On Saturday, the National People’s Congress of China enacted a measure establishing a new intellectual property court in the southern island of Hainan. China has sought to strengthen Hainan’s position as a global free trade port in the South China Sea, competing with other shipping centers in the area such as Hong Kong, Singapore, and Kaohsiung.
This is the fourth dedicated IP court established in mainland China, following those in Beijing, Shanghai, and Guangzhou. China’s IP courts have specialized jurisdiction over civil and administrative cases involving patents, trade secrets, software, hardware, agricultural technology; civil, administrative, and criminal jurisdiction over intellectual property cases; and appellate jurisdiction over cases previously tried in Hainan courts. These courts have significantly broader jurisdiction than regional IP tribunals, such as those in Tianjin and Shenzhen, which do not share the “three-in-one” jurisdiction of the larger IP courts.

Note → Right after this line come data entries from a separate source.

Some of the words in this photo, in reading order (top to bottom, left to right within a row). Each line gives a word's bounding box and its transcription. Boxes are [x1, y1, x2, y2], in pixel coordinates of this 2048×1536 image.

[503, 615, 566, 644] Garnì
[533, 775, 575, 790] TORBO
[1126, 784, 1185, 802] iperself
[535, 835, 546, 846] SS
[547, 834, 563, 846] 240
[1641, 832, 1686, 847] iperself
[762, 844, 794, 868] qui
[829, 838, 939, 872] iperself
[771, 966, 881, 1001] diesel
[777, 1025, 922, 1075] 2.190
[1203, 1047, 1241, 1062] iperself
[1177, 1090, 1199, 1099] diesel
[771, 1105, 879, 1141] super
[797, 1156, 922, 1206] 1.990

Hainan’s economy is primarily agricultural and tourism-based currently. Therefore, there are unlikely to be major disputes for the new court to adjudicate when the National People’s Congress’s measure enters into effect on January 1, 2021. However, goods imported to China via Hainan will be subject to a zero-tariff policy, provided the goods comply with a thirty percent value-added requirement, which is intended to draw high-tech industries to the island.